= Douglas James Shearman =

Douglas James Shearman (2 July 1918, Isleworth, Middlesex – 12 May 2003, Cassington, Oxfordshire) was a British geologist and sedimentologist, who made significant contributions to the study of evaporites and other sediments and sedimentary rocks in desert climates.
 His research on evaporites is important for understanding the entrapment and migration of petroleum.

==Education and career==
After education in Hounslow and at Southend-on-Sea's Southend High School for Boys, Shearman joined the Royal Mail as a trainee engineer.
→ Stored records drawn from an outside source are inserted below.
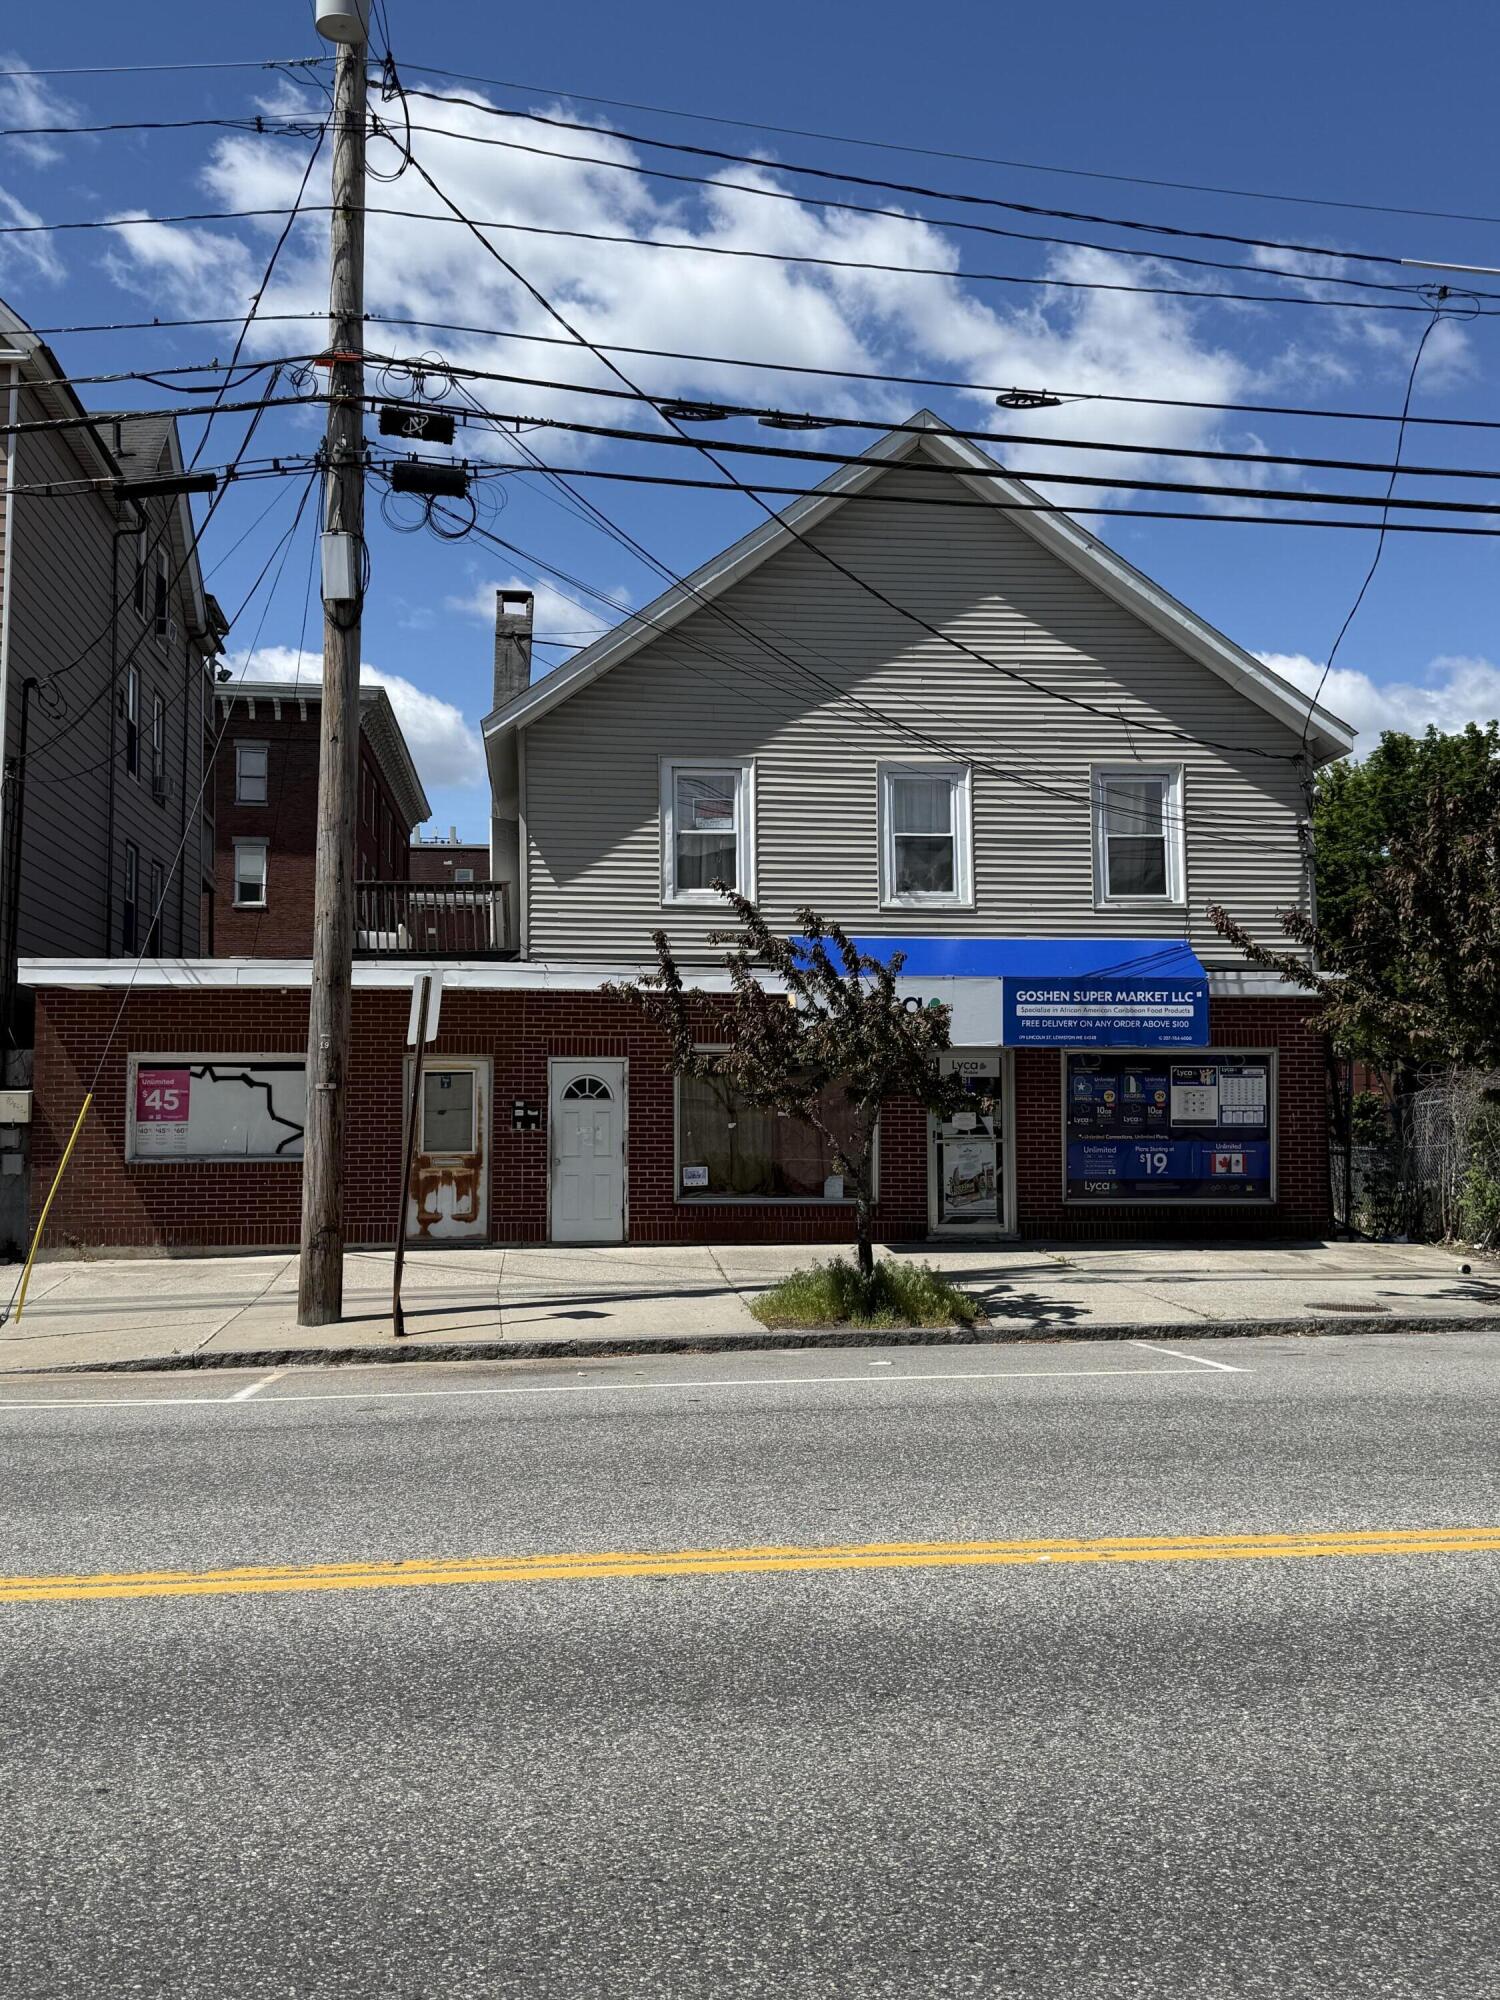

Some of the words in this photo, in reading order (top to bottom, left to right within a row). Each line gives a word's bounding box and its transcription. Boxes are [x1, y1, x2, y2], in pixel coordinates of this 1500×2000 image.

[1016, 990, 1070, 1002] GOSHEN
[1073, 991, 1113, 1002] SUPER
[1115, 991, 1169, 1002] MARKET
[1171, 991, 1194, 1003] LLC
[1021, 1006, 1051, 1014] Specialize
[1052, 1006, 1058, 1014] in
[1021, 1020, 1040, 1028] FREE
[1041, 1020, 1078, 1028] DELIVERY
[1079, 1020, 1093, 1028] ON
[1094, 1020, 1112, 1028] ANY
[1113, 1020, 1141, 1028] ORDER
[1142, 1020, 1170, 1028] ABOVE
[1172, 1020, 1189, 1028] $100
[952, 1059, 978, 1073] Lyca
[1176, 1069, 1193, 1077] Lyca
[142, 1088, 180, 1111] $45
[1073, 1116, 1089, 1124] Lyca
[1123, 1115, 1139, 1123] Lyca
[1083, 1145, 1117, 1154] Unlimited
[1139, 1153, 1166, 1174] $19
[1084, 1180, 1110, 1193] Lyca
In 1939 he enlisted in the Royal Navy. During his basic training in Dover he met in the NAAFI canteen a young soldier named Tom Pain, who was using a hand lens to examine a terebatulid fossil from the Dover chalk. Discussions over tea and doughnuts inspired Shearman to study geology. During WW II, he served as a radio operator on a minesweeper in the North Atlantic. In 1946 he enrolled at Chelsea Polytechnic, University of London, where he studied geology under William Fleet (1890–1966) and graduated in 1949 with a first class degree.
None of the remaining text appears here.